(Beginning of Records supplied)
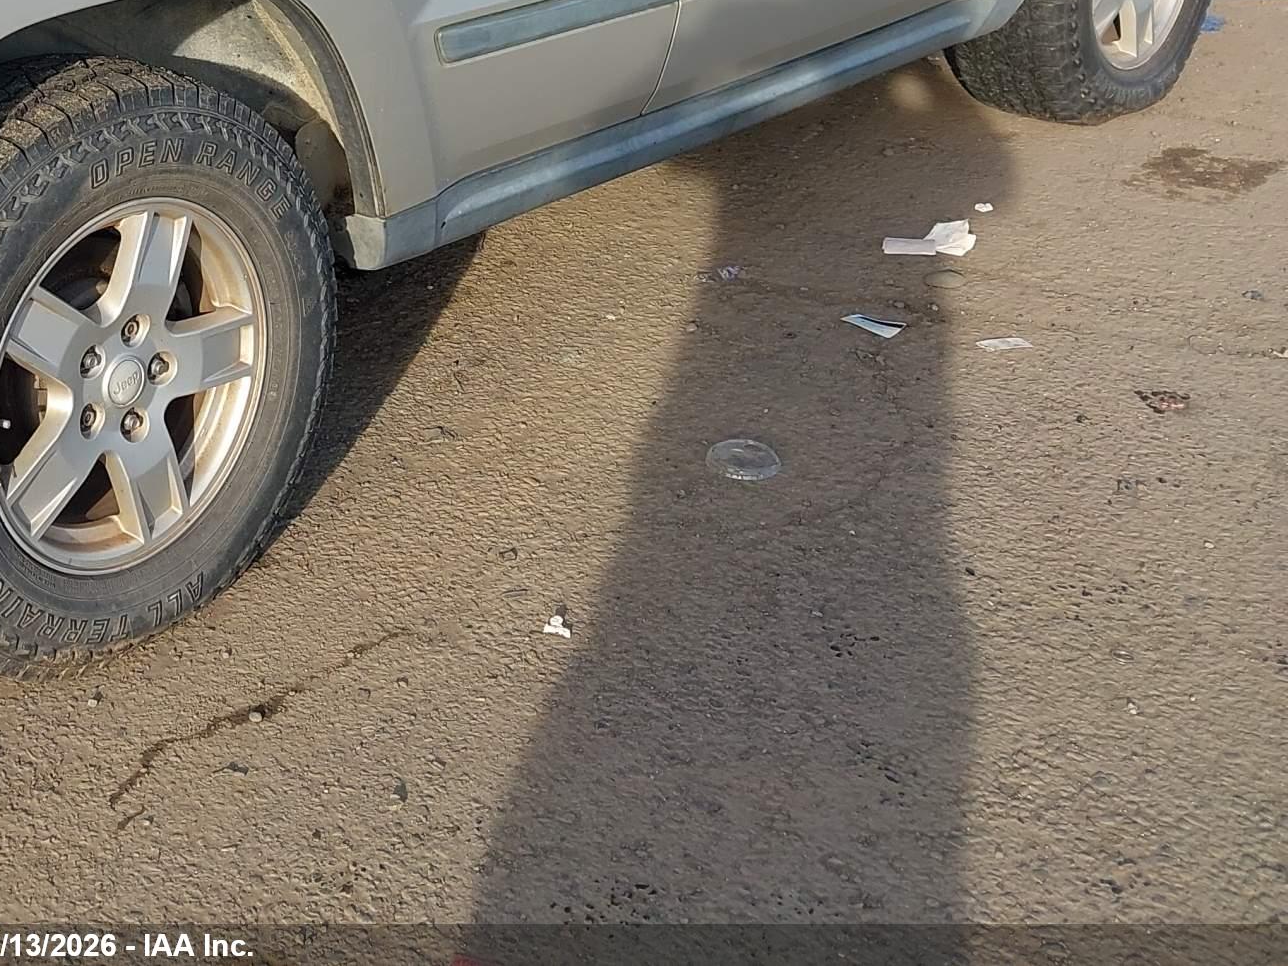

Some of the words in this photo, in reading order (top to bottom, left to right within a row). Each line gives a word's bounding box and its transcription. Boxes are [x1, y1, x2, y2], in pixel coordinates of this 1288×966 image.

[90, 137, 185, 190] OPEN
[193, 139, 292, 220] RANGE
[113, 370, 139, 395] Jeep
[147, 571, 205, 628] ALL
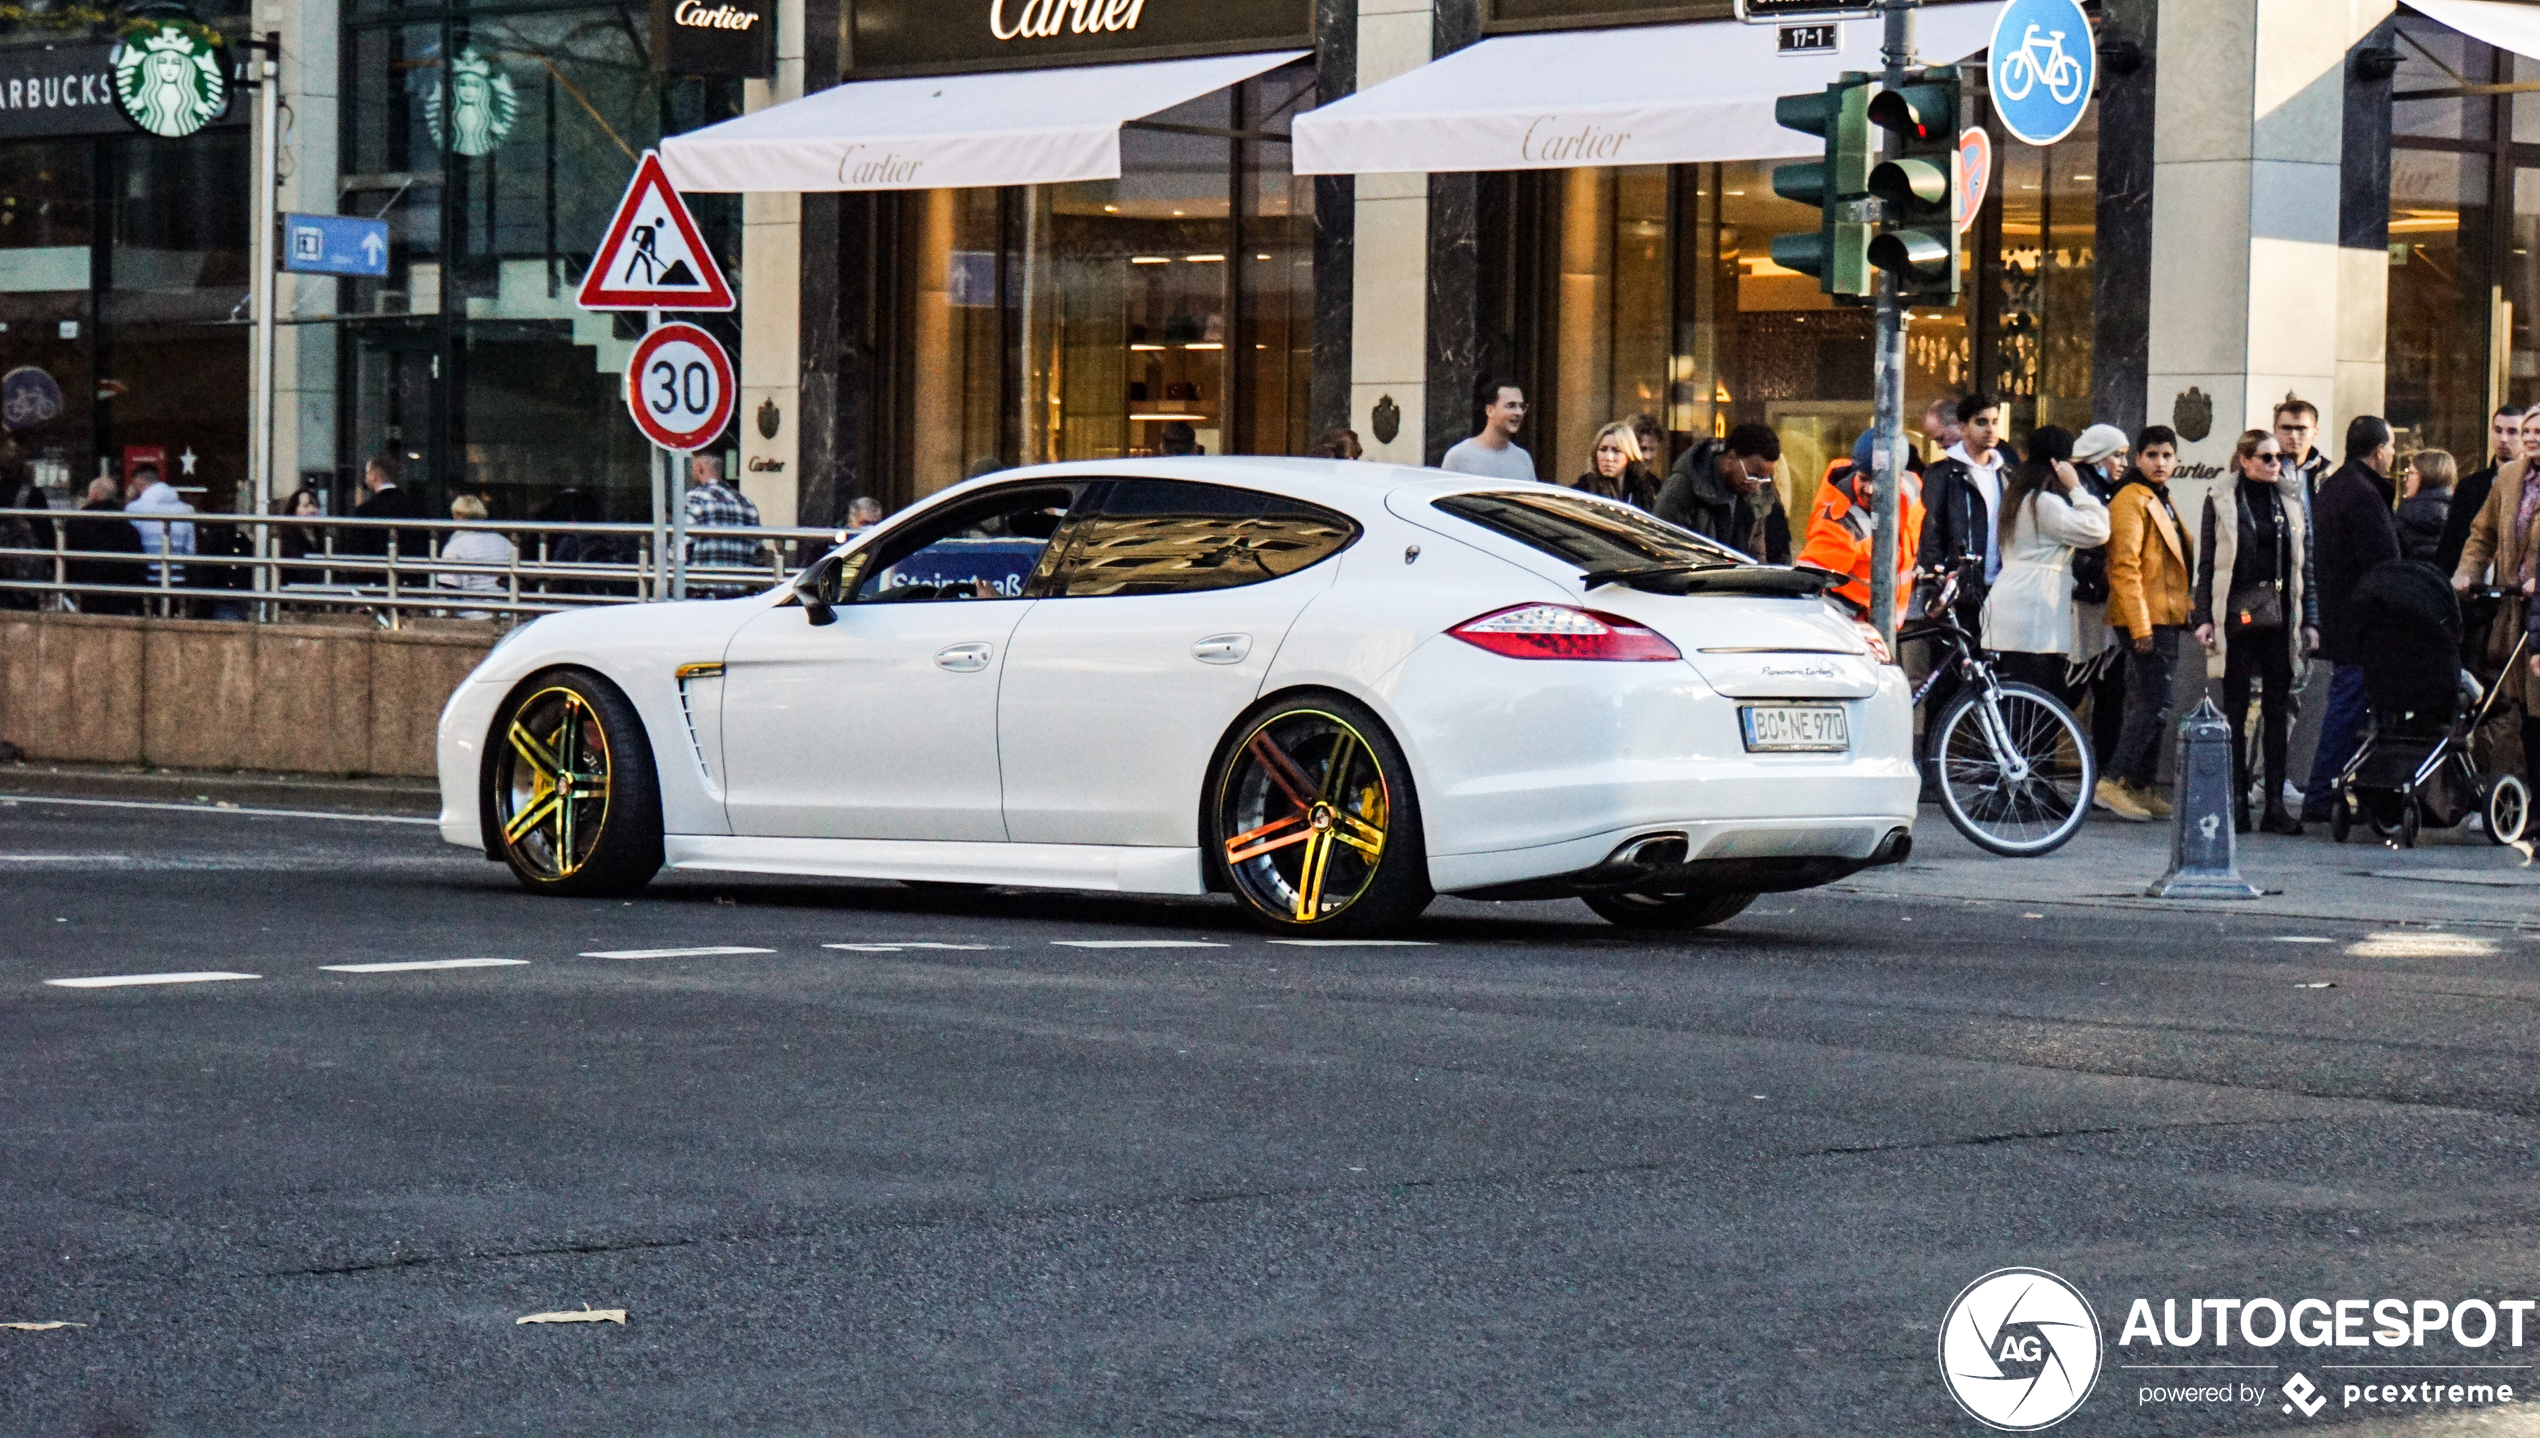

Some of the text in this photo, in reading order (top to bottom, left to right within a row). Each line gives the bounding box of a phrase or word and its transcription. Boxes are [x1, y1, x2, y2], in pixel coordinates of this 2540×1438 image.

[674, 0, 759, 31] Cartier
[1792, 28, 1823, 48] 17-1
[1522, 113, 1631, 161] Cartier
[837, 142, 923, 184] Cartier
[652, 361, 709, 414] 30
[2171, 459, 2225, 479] artier
[1756, 712, 1844, 740] BO NE 970
(End of Records supplied)
Work to complete — Exactly as written, copy the lines from the one containing "Some of the text" to the end of the entries, both ends included.

Task response —
Some of the text in this photo, in reading order (top to bottom, left to right within a row). Each line gives the bounding box of a phrase or word and its transcription. Boxes are [x1, y1, x2, y2], in pixel coordinates of this 2540×1438 image.

[674, 0, 759, 31] Cartier
[1792, 28, 1823, 48] 17-1
[1522, 113, 1631, 161] Cartier
[837, 142, 923, 184] Cartier
[652, 361, 709, 414] 30
[2171, 459, 2225, 479] artier
[1756, 712, 1844, 740] BO NE 970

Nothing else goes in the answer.